* [Stored data entries]
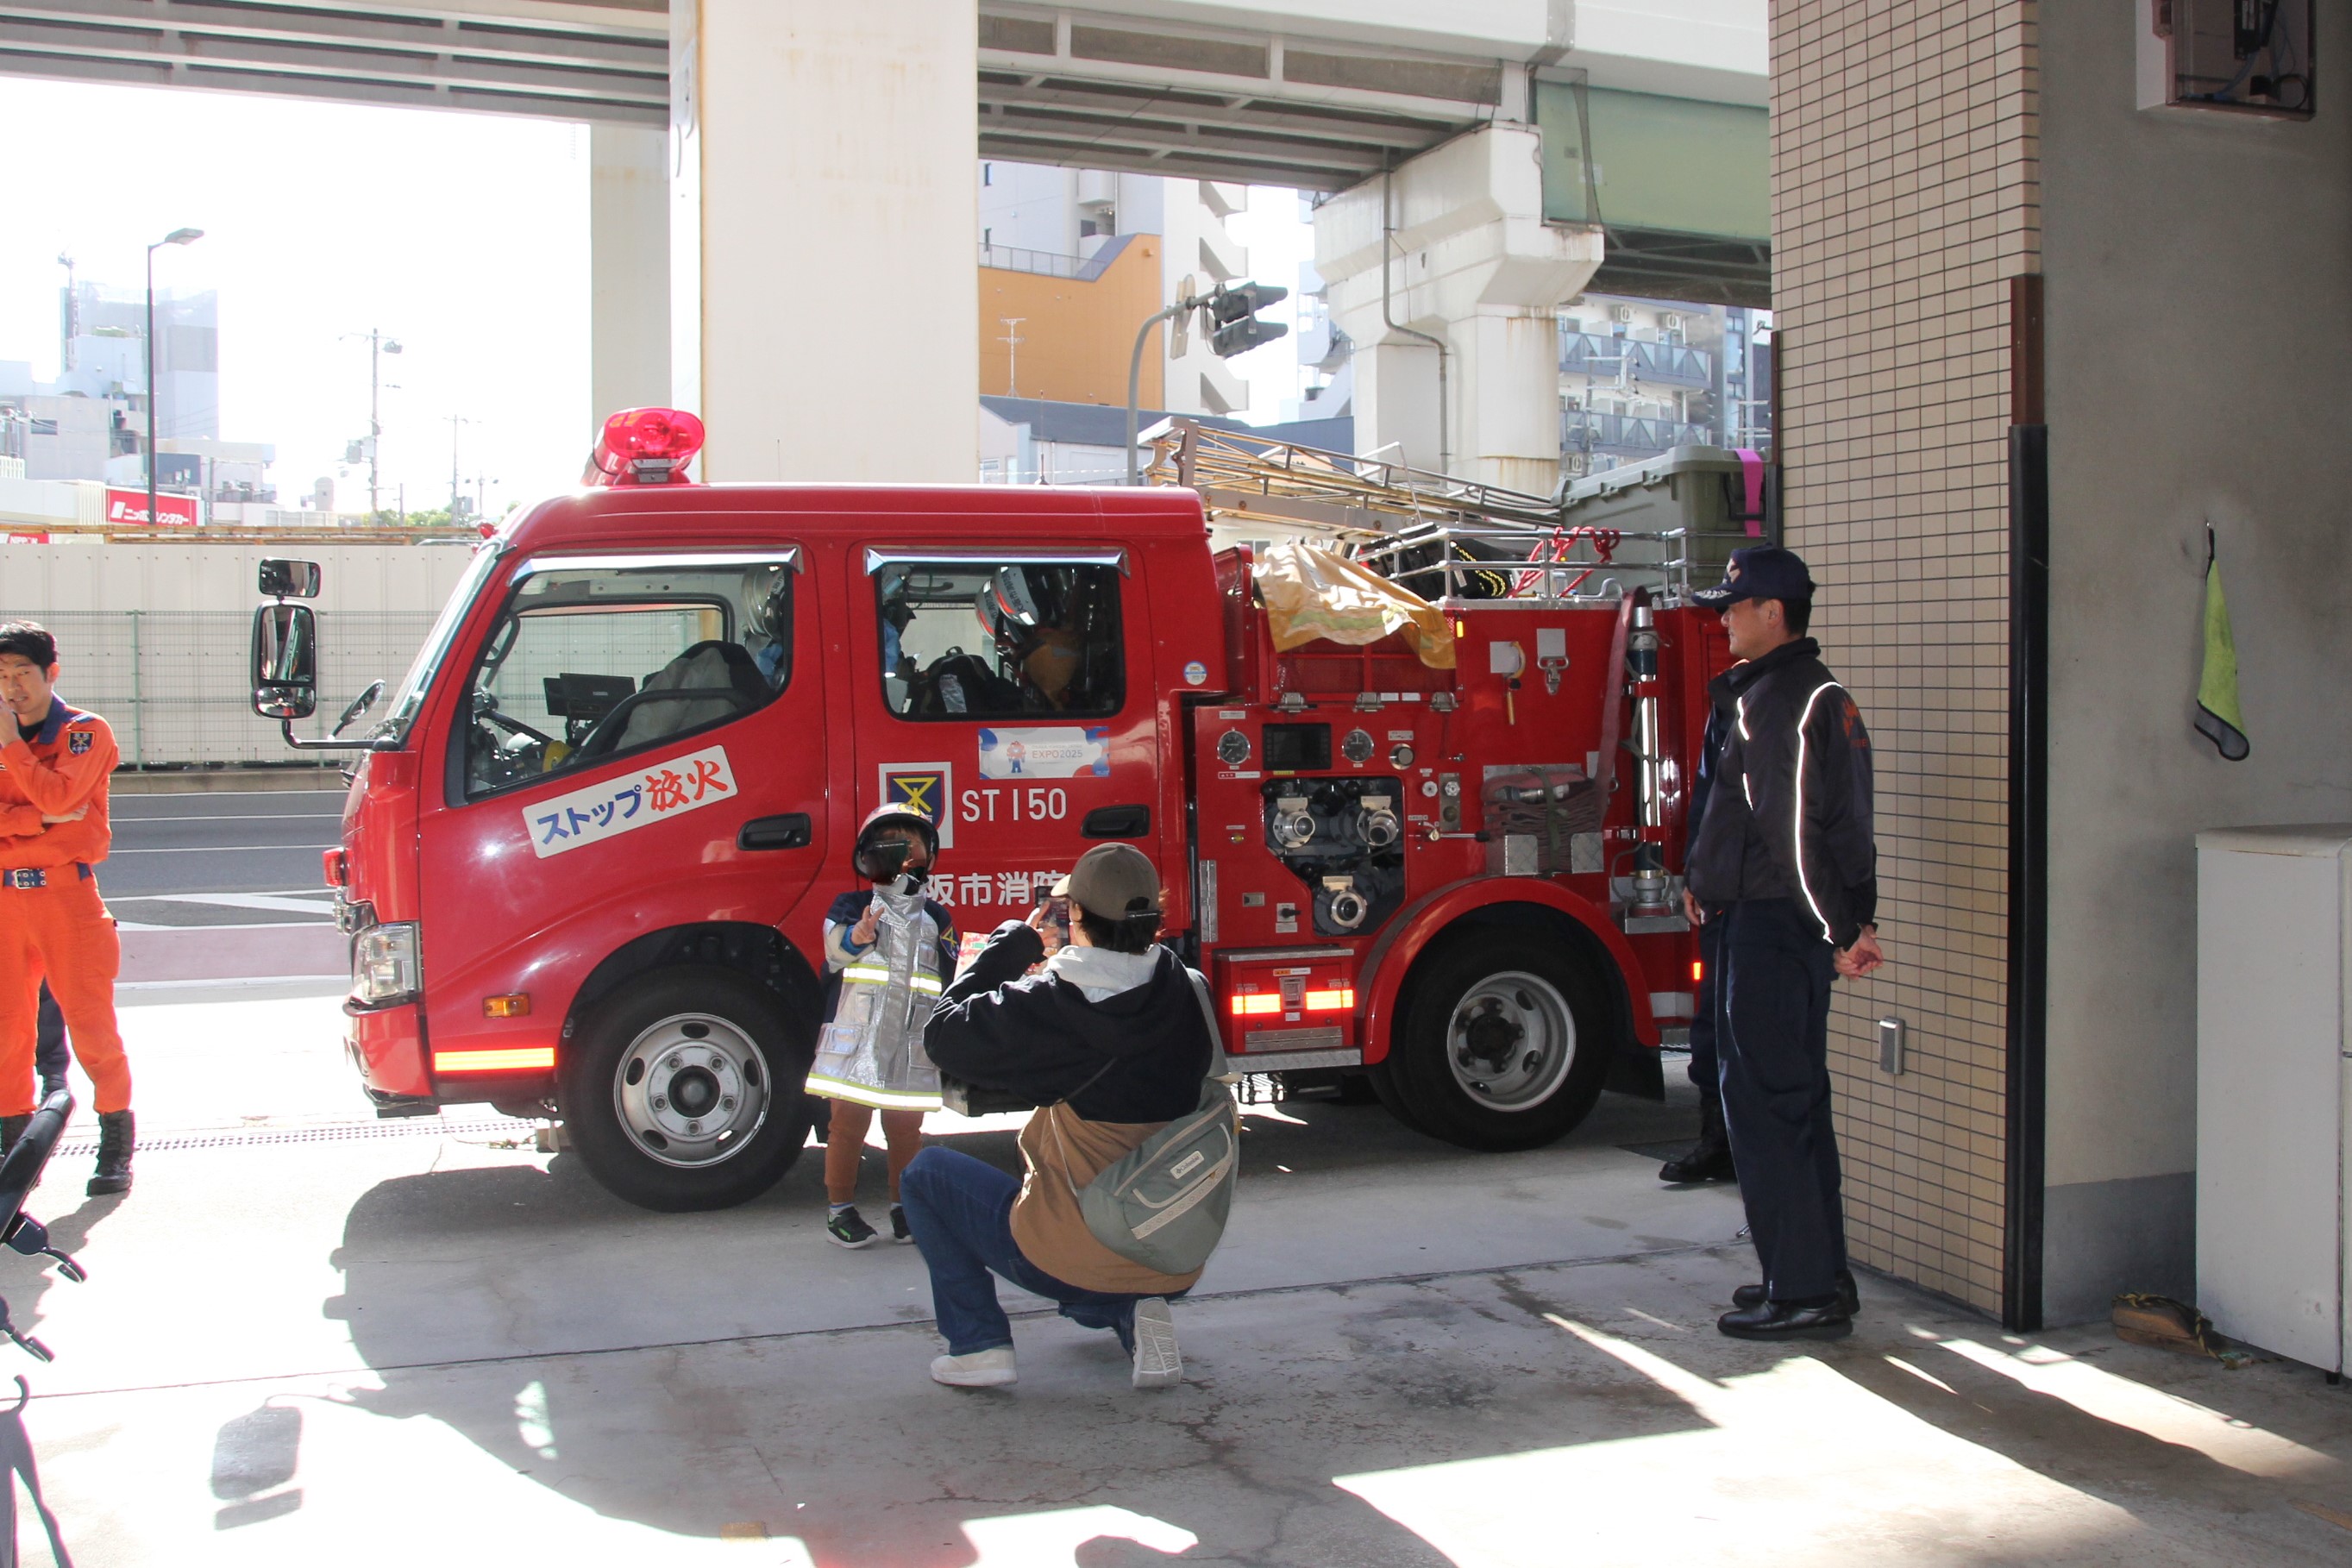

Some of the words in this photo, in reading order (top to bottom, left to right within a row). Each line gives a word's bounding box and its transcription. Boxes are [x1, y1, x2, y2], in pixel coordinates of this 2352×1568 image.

[1032, 750, 1083, 759] EXPO2025
[537, 760, 728, 844] ストップ放火
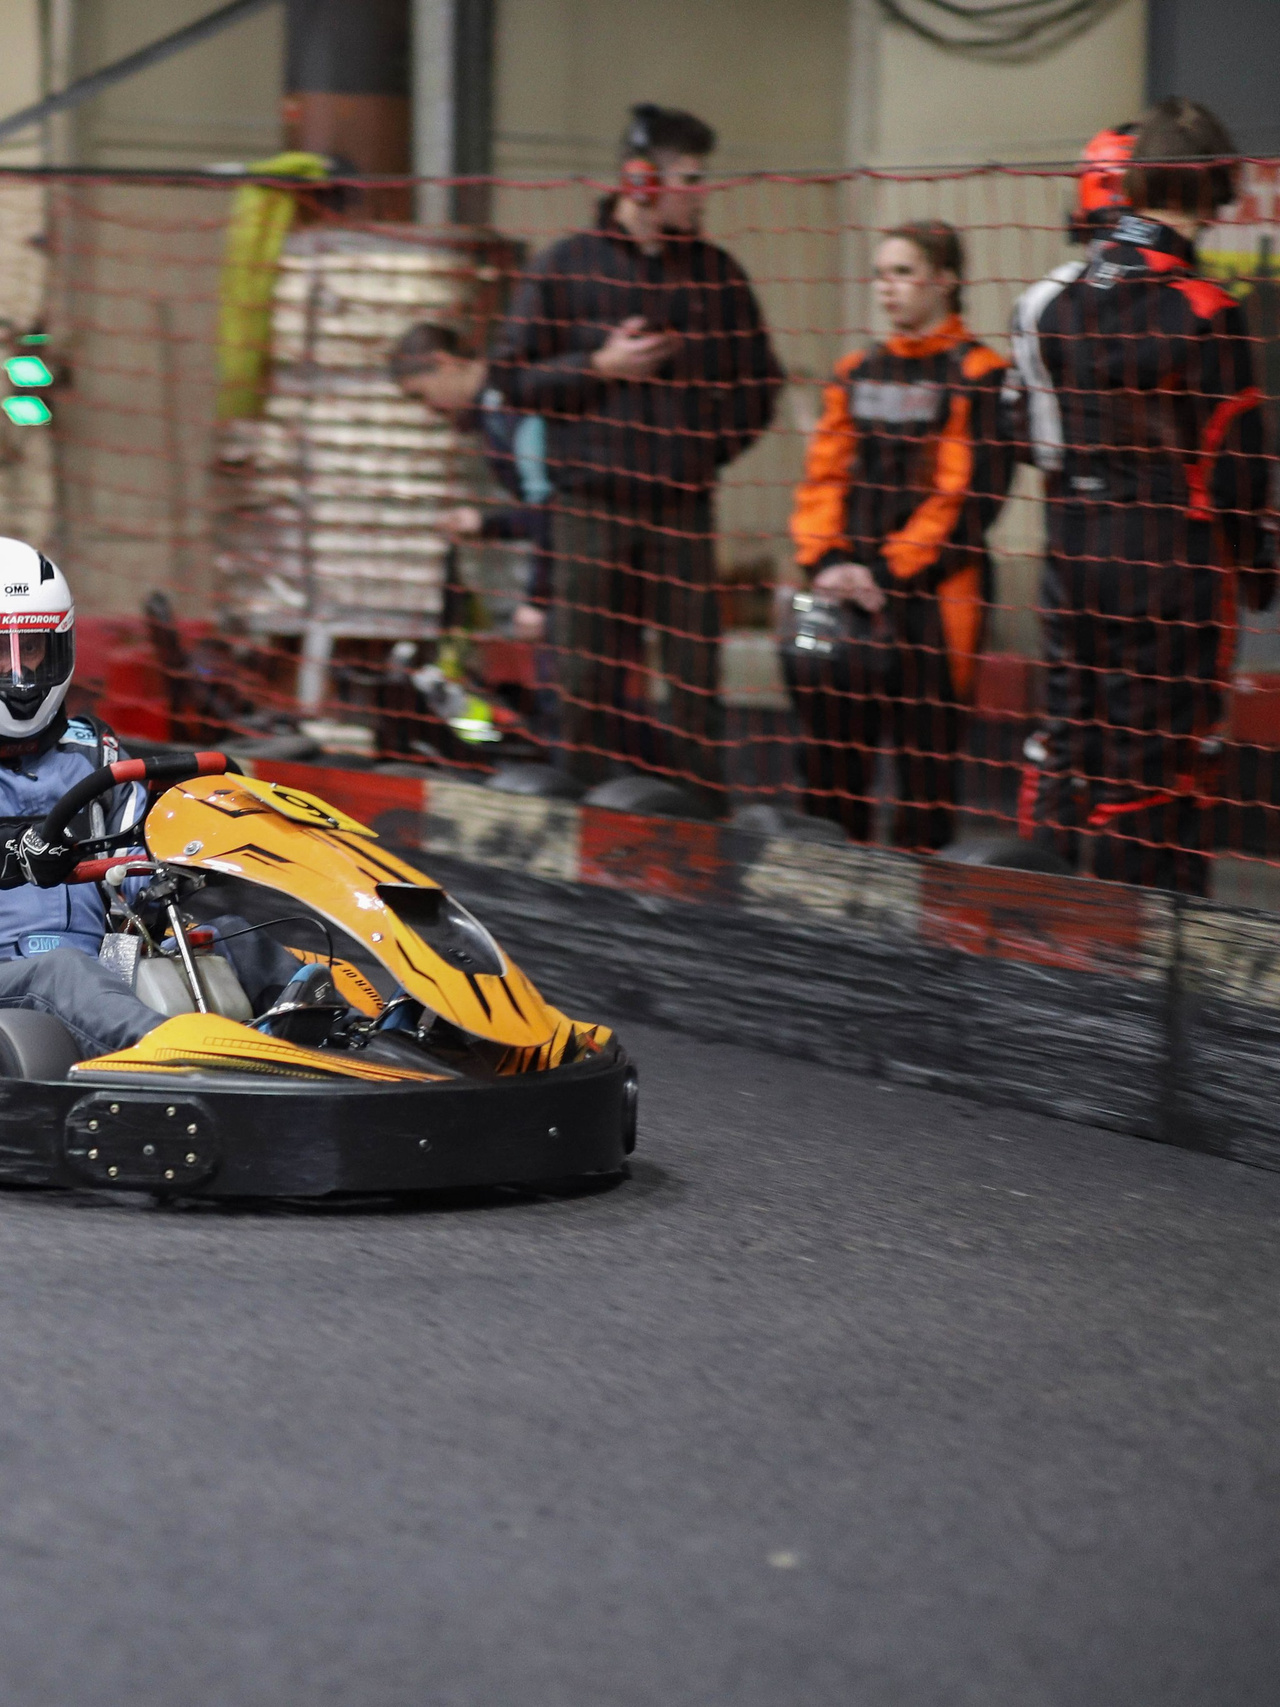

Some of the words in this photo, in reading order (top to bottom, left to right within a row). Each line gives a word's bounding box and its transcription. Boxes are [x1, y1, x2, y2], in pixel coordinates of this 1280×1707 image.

[5, 585, 29, 594] OMP
[2, 615, 61, 625] KARTDROME
[28, 937, 60, 951] OMP

* [TASK GOAL]
In your copy, exclude the pictures and repeat each entry above exactly.

* [ANSWER TO THIS PROBLEM]
Some of the words in this photo, in reading order (top to bottom, left to right within a row). Each line gives a word's bounding box and its transcription. Boxes are [x1, y1, x2, y2], in pixel coordinates of this 2352×1568 image.

[1032, 750, 1083, 759] EXPO2025
[537, 760, 728, 844] ストップ放火

Some of the words in this photo, in reading order (top to bottom, left to right within a row). Each line gives a word's bounding box and its transcription. Boxes are [x1, y1, x2, y2], in pixel coordinates of this 1280×1707 image.

[5, 585, 29, 594] OMP
[2, 615, 61, 625] KARTDROME
[28, 937, 60, 951] OMP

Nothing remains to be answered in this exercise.